(EXERCISE INPUT)
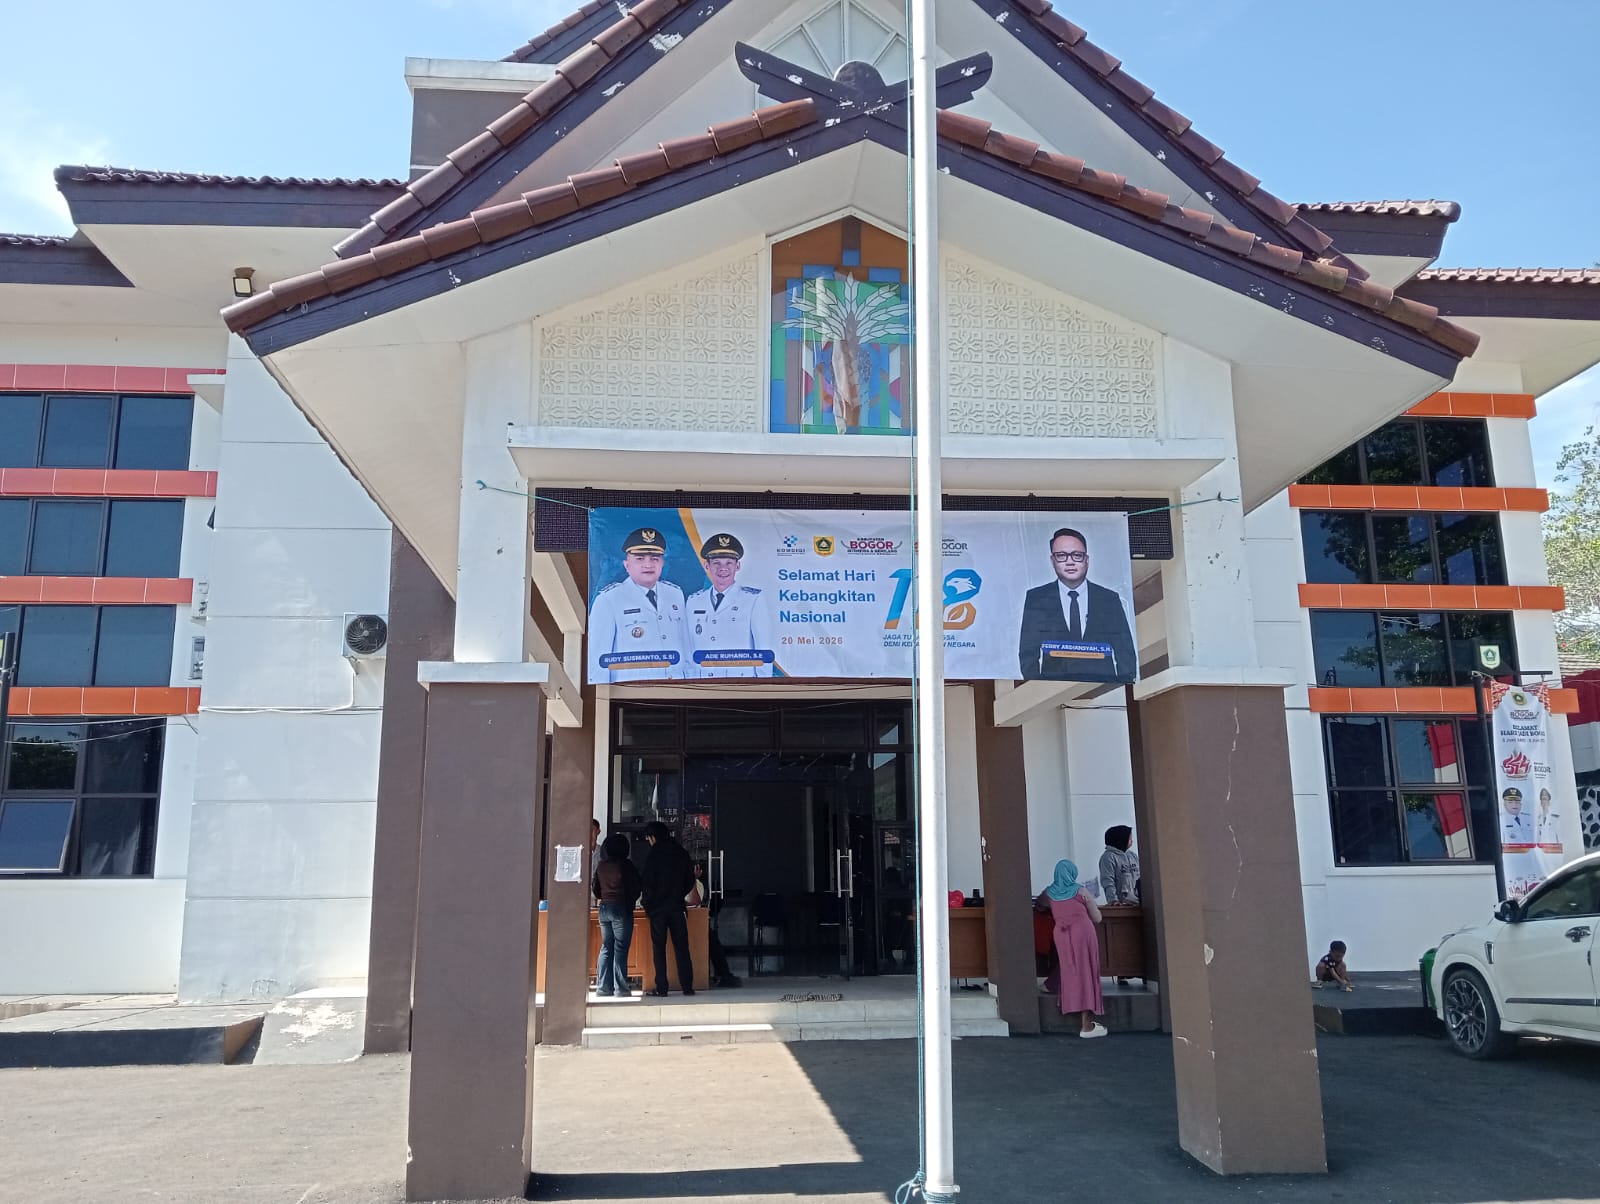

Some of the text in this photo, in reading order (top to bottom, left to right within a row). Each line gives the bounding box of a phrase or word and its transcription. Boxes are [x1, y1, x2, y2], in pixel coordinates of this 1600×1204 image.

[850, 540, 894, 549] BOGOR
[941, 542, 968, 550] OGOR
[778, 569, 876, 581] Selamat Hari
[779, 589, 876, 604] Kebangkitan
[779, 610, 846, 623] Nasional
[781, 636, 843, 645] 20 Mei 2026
(End EXERCISE INPUT)
▶ **ASSIGNED TASK**
All that is needed is the data above, repeated exactly, without the pictures.

▶ **ANSWER TO THIS TASK**
Some of the text in this photo, in reading order (top to bottom, left to right within a row). Each line gives the bounding box of a phrase or word and its transcription. Boxes are [x1, y1, x2, y2], in pixel coordinates of this 1600×1204 image.

[850, 540, 894, 549] BOGOR
[941, 542, 968, 550] OGOR
[778, 569, 876, 581] Selamat Hari
[779, 589, 876, 604] Kebangkitan
[779, 610, 846, 623] Nasional
[781, 636, 843, 645] 20 Mei 2026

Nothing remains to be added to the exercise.